Mrs. Canada destined to share her Métis pride

Jul 26 2021, 2:00 pm

The Friendly News is a collaboration between TELUS and Daily Hive. Together, we’re creating a space for important, feel-good community stories to be told, where Canadians can immerse themselves in uplifting news and articles featuring community leaders giving back during a time when we all need it most.

Written for Daily Hive by Brandi Morin, an award-winning Cree/Mohawk/French journalist based in Alberta


In November 2020, Lorelei Higgins, 40, travelled from her home in Calgary, Alberta to Las Vegas, Nevada to compete in the Mrs. Globe Canada pageant. Her goal was to utilize the platform of an international stage to grow her vision of peace building, elevate women’s voices and showcase her culture as a Métis woman. But shock, then elation hit her when she won the title of Mrs. Canada Globe, she told the Daily Hive in late May.

“I barely had words. I was funneling. My crown was crooked,” she laughs while describing her crowning moment.

But behind this climactic scene the reminder of Lorelei’s arduous journey uncovering her identity and Métis culture strengthened her drive to inspire others to come into their own.

She didn’t meet her biological father until her early twenties, but says she always had an inkling she was Indigenous.

“I always knew I was Indigenous in my heart, but it was something we never talked about in my family.”

After working up the “courage” to ask her mother about her biological father one day, Lorelei was met with a door slammed in her face. She had just returned from an internship with the Canadian Department of Foreign Affairs and International Trade, Ghost River Rediscovery in Bolivia, working closely with Indigenous community members there. The project focused around leadership, Indigenous human rights and cultural rediscovery. More and more she felt the nudge to discover her own heritage.

Meanwhile, Lorelei was building relationships with local Métis elders and participated in ceremonies like sweat lodges. The elders, she says, embraced her as one of their own. One elder gave her a Métis sash and said, “Welcome to the family. She said, ‘Lorelei, you’re Métis, and she also said ‘I suspect you’re Ojibwe, but I’m not sure about the rest’. But by this point we had no confirmation that I was Métis.”

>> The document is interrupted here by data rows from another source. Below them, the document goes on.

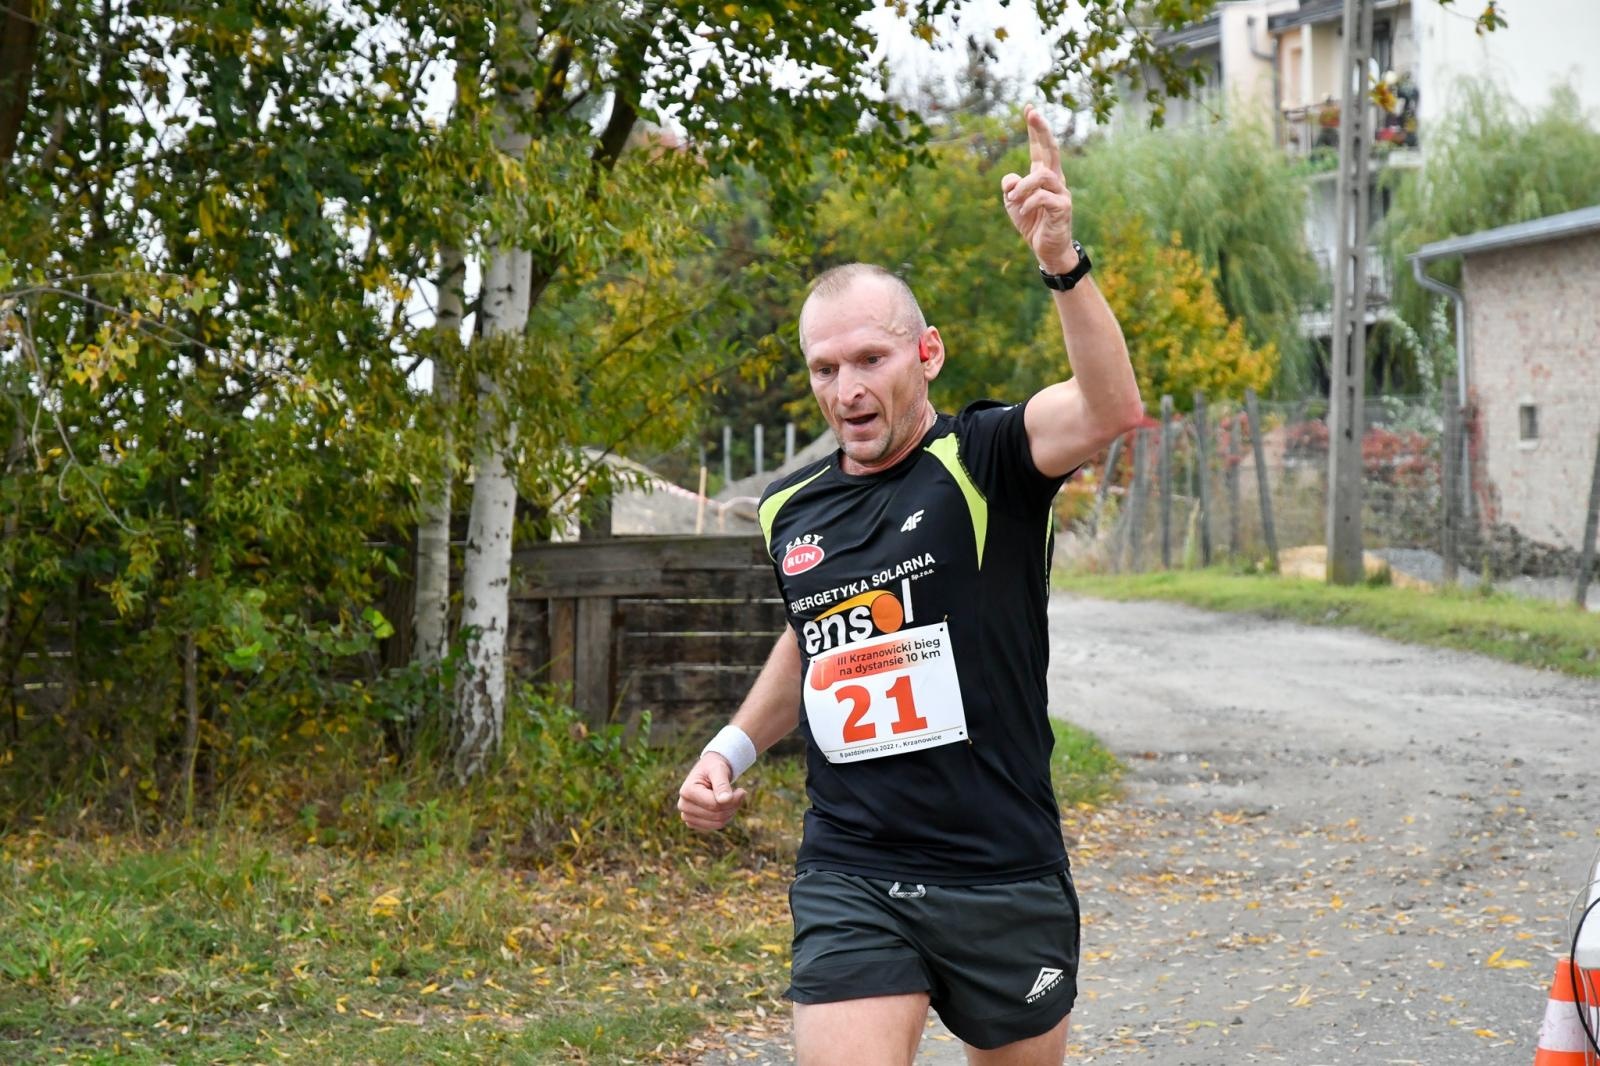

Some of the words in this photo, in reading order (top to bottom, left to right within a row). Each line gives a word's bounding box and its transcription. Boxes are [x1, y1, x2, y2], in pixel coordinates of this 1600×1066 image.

[785, 534, 823, 553] EASY
[787, 552, 816, 568] RUN
[791, 581, 869, 613] ENERGETYKA
[872, 553, 936, 586] SOLARNA
[837, 656, 847, 665] III
[850, 642, 911, 662] Krzanowicki
[915, 638, 941, 650] bieg
[840, 667, 852, 676] na
[855, 656, 903, 674] dystansie
[906, 653, 918, 663] 10
[921, 650, 941, 660] km
[834, 675, 928, 743] 21
[880, 743, 894, 751] 2022
[903, 735, 942, 747] Krzanowice
[1026, 986, 1045, 1004] NIKE
[1047, 974, 1065, 991] TRAIL

A few weeks later her mother called her from Winnipeg.

“She goes, ‘I’m sitting here with your dad. Would you like to talk to him?’’ Her mother had tracked down Lorelei’s father and the two formed an instant bond.

Not long after Lorelei went to Winnipeg to meet him. He waited at the airport with a bouquet of roses. She remembers it being “so obvious” she was his daughter; they had the same bone structure and eyes.

Lorelei Higgins with her father (Image courtesy of Lorelei Higgins)

During a dinner conversation later, Lorelei says her father leaned in to let her know he had something to tell her that “might change her perception of us.”

“He’s like, ‘it’s going to be really hard…he’s like, uh, you’re Métis.’ I was like, ‘yay!’”

Her father was initially shocked by her excitement. He had suppressed his Indigenous identity of being Cree and Ojibwe for most of his life at the direction of his mother who was threatened by racism, discrimination and feared her children would be taken by child welfare authorities.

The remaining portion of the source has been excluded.